## Material for this task
--------------------------------------------------
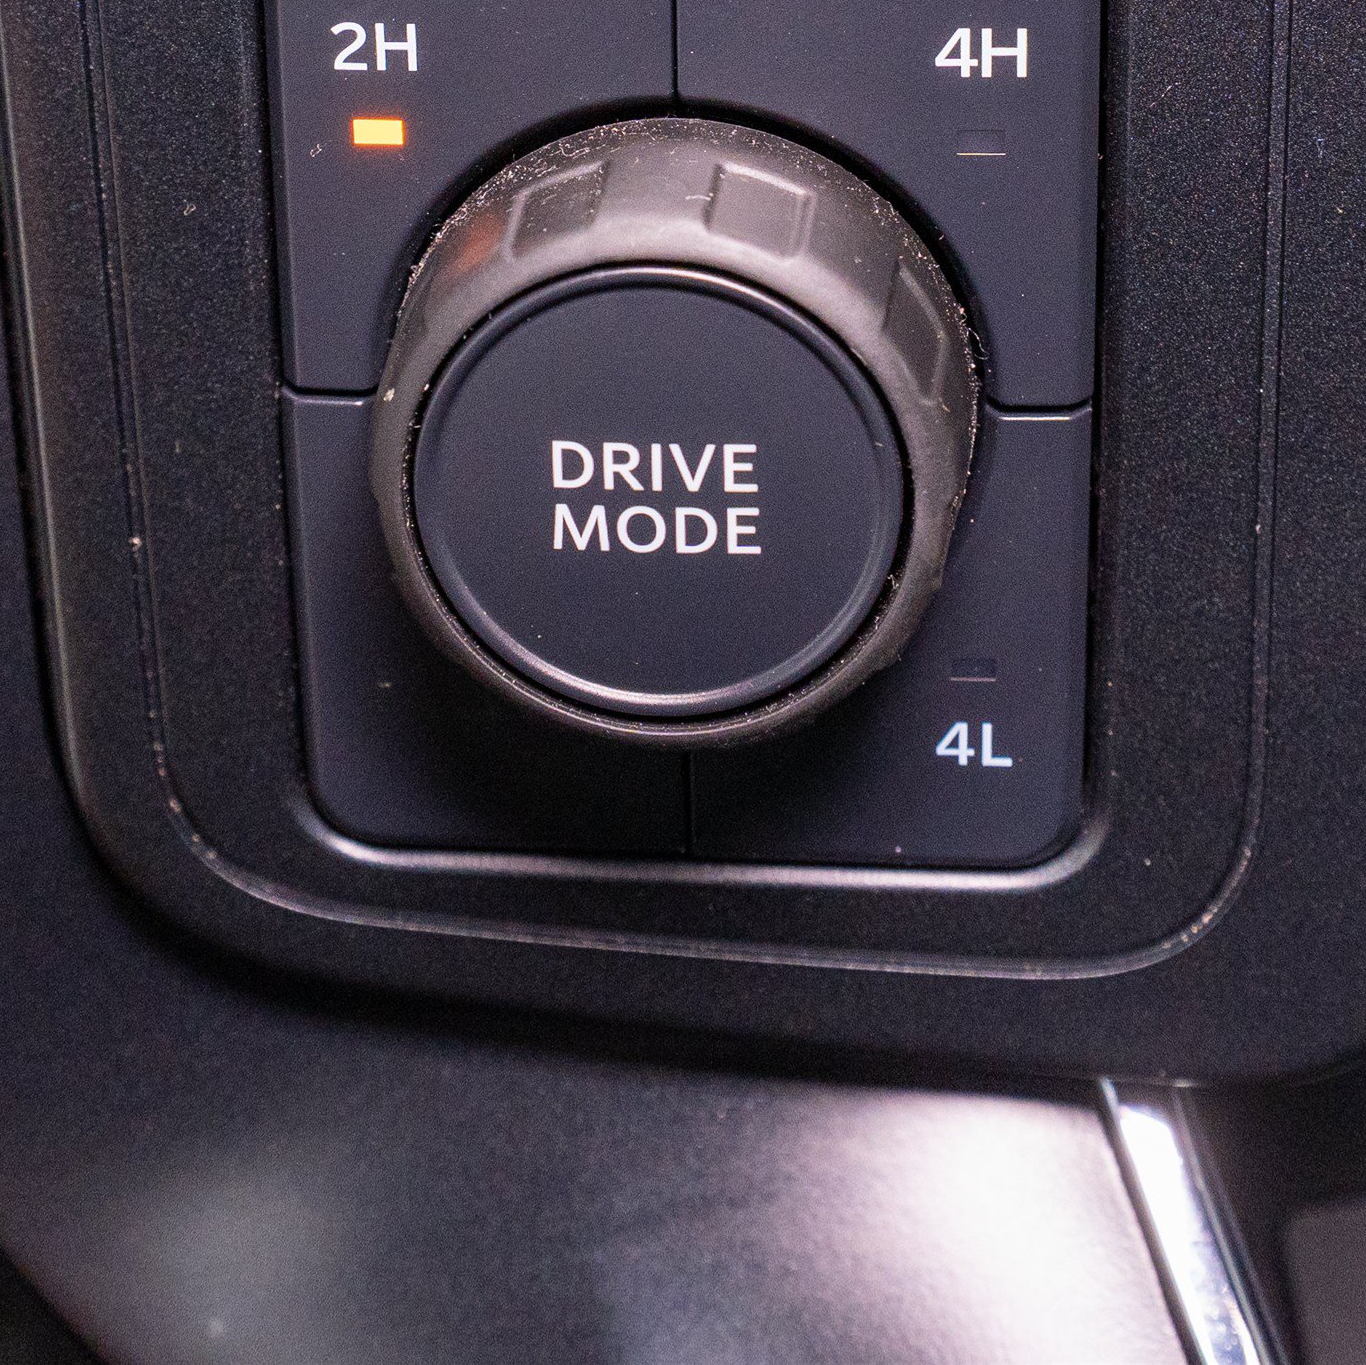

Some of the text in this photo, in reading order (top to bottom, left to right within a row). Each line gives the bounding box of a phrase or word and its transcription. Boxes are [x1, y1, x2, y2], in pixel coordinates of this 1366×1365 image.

[330, 21, 420, 74] 2H
[933, 27, 1030, 79] 4H
[550, 438, 760, 494] DRIVE
[551, 502, 763, 556] MODE
[935, 721, 1015, 768] 4L
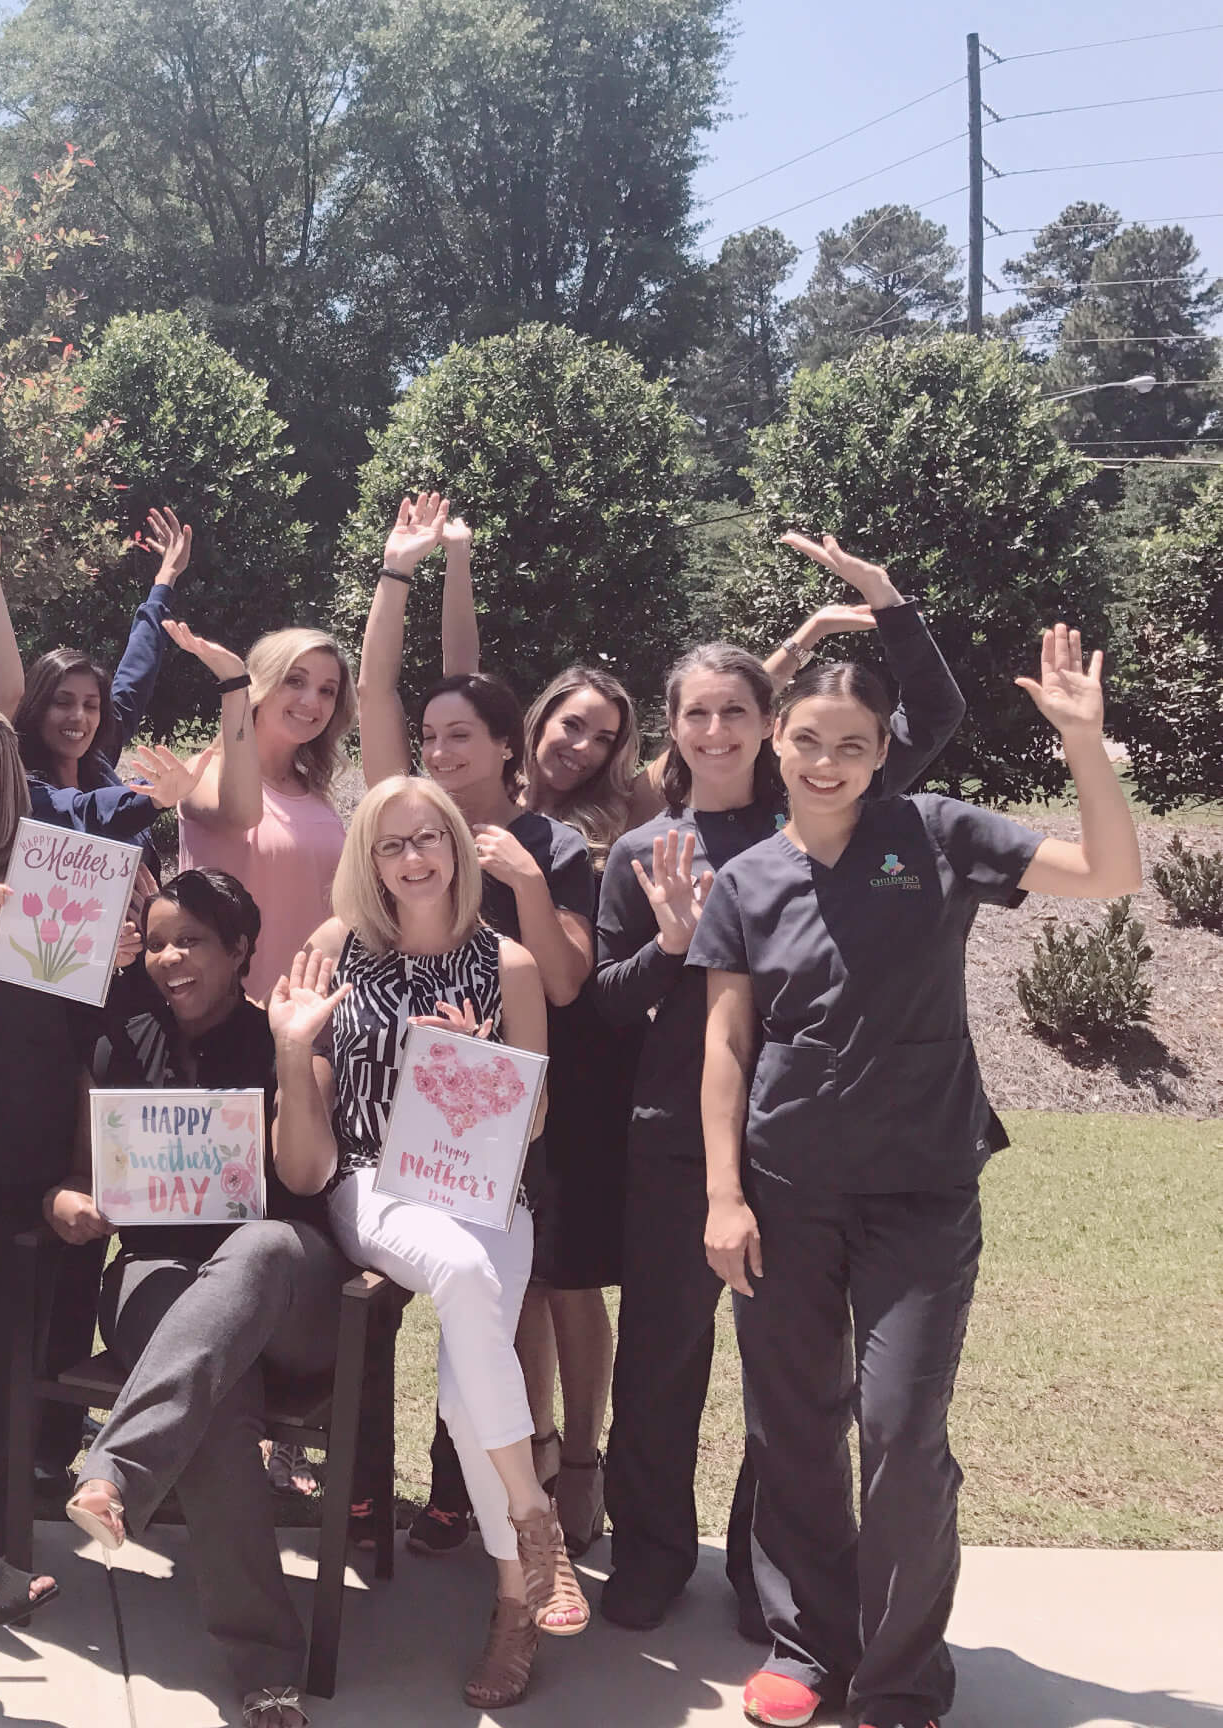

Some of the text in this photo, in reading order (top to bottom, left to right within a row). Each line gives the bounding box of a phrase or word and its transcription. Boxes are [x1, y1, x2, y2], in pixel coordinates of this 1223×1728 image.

[20, 835, 51, 851] HAPPY
[24, 837, 132, 881] Mother's
[71, 871, 98, 890] DAY
[142, 1105, 213, 1135] HAPPY
[130, 1137, 222, 1175] mother's
[148, 1175, 210, 1216] DAY
[399, 1152, 497, 1201] Mother's
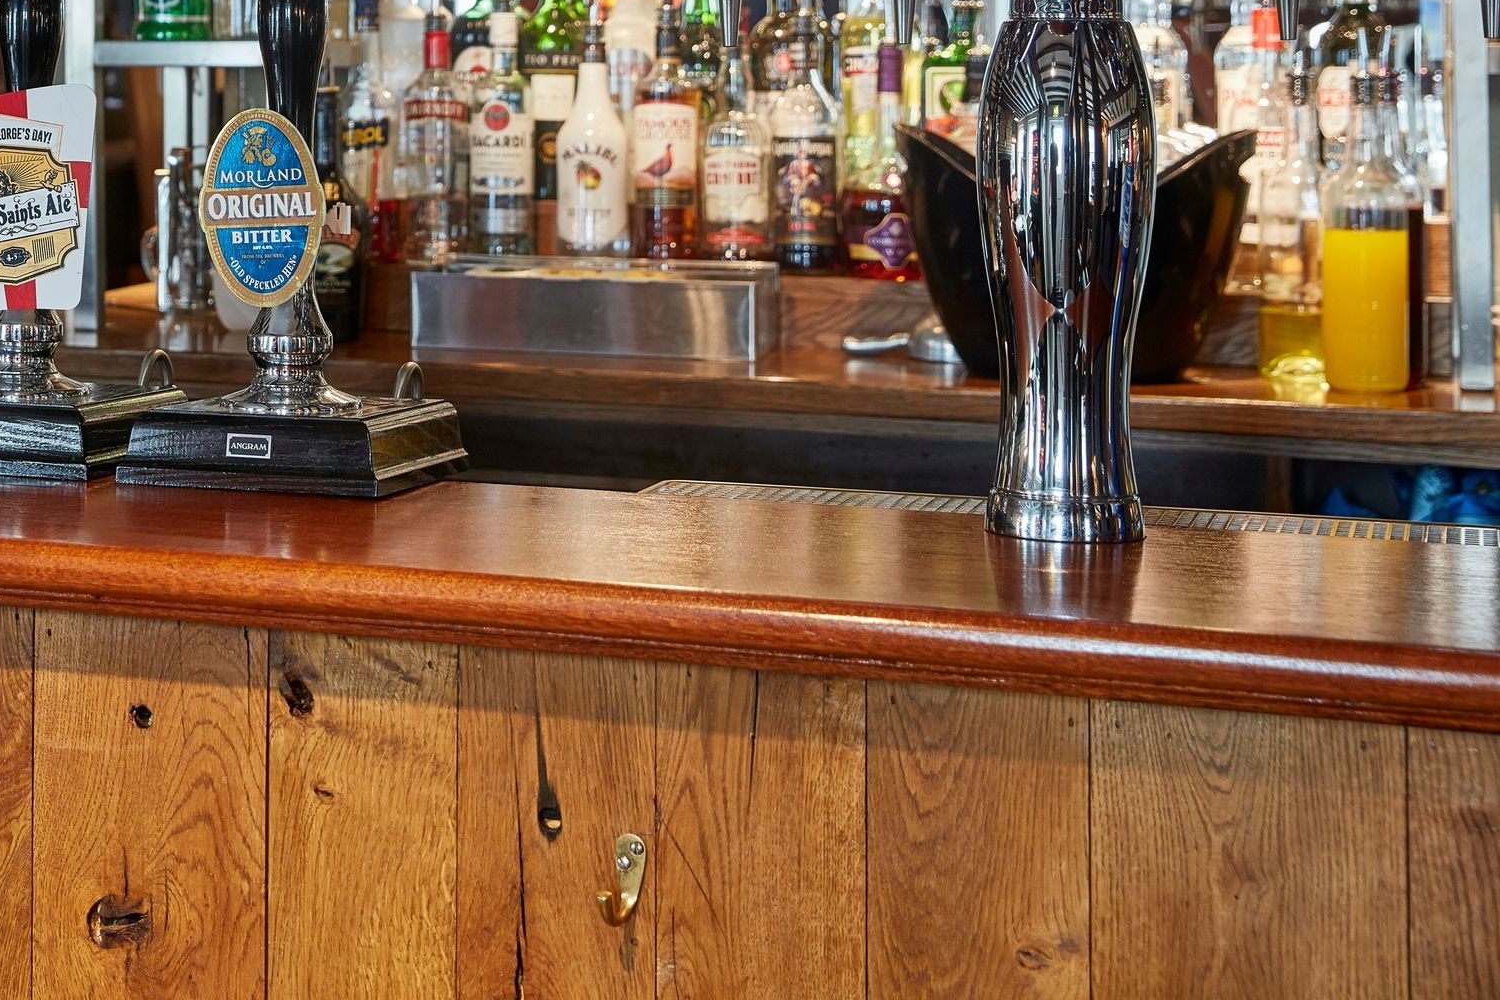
--------------------------------------------------
## About this exercise
From the first line to the last, set down the records above exactly and skip the pictures.

## Task result
Some of the text in this photo, in reading order (top to bottom, left to right within a row). Each line gives the bounding box of a phrase or word and its transcription. Boxes are [x1, y1, x2, y2], in pixel coordinates of this 1366×1365 image.

[330, 21, 420, 74] 2H
[933, 27, 1030, 79] 4H
[550, 438, 760, 494] DRIVE
[551, 502, 763, 556] MODE
[935, 721, 1015, 768] 4L

Some of the text in this photo, in reading order (top to bottom, left to right within a row). Each line gives the bounding box of a phrase or word and its transcription. Boxes are [x1, y1, x2, y2], in pixel coordinates of this 1223×1728 image.

[20, 835, 51, 851] HAPPY
[24, 837, 132, 881] Mother's
[71, 871, 98, 890] DAY
[142, 1105, 213, 1135] HAPPY
[130, 1137, 222, 1175] mother's
[148, 1175, 210, 1216] DAY
[399, 1152, 497, 1201] Mother's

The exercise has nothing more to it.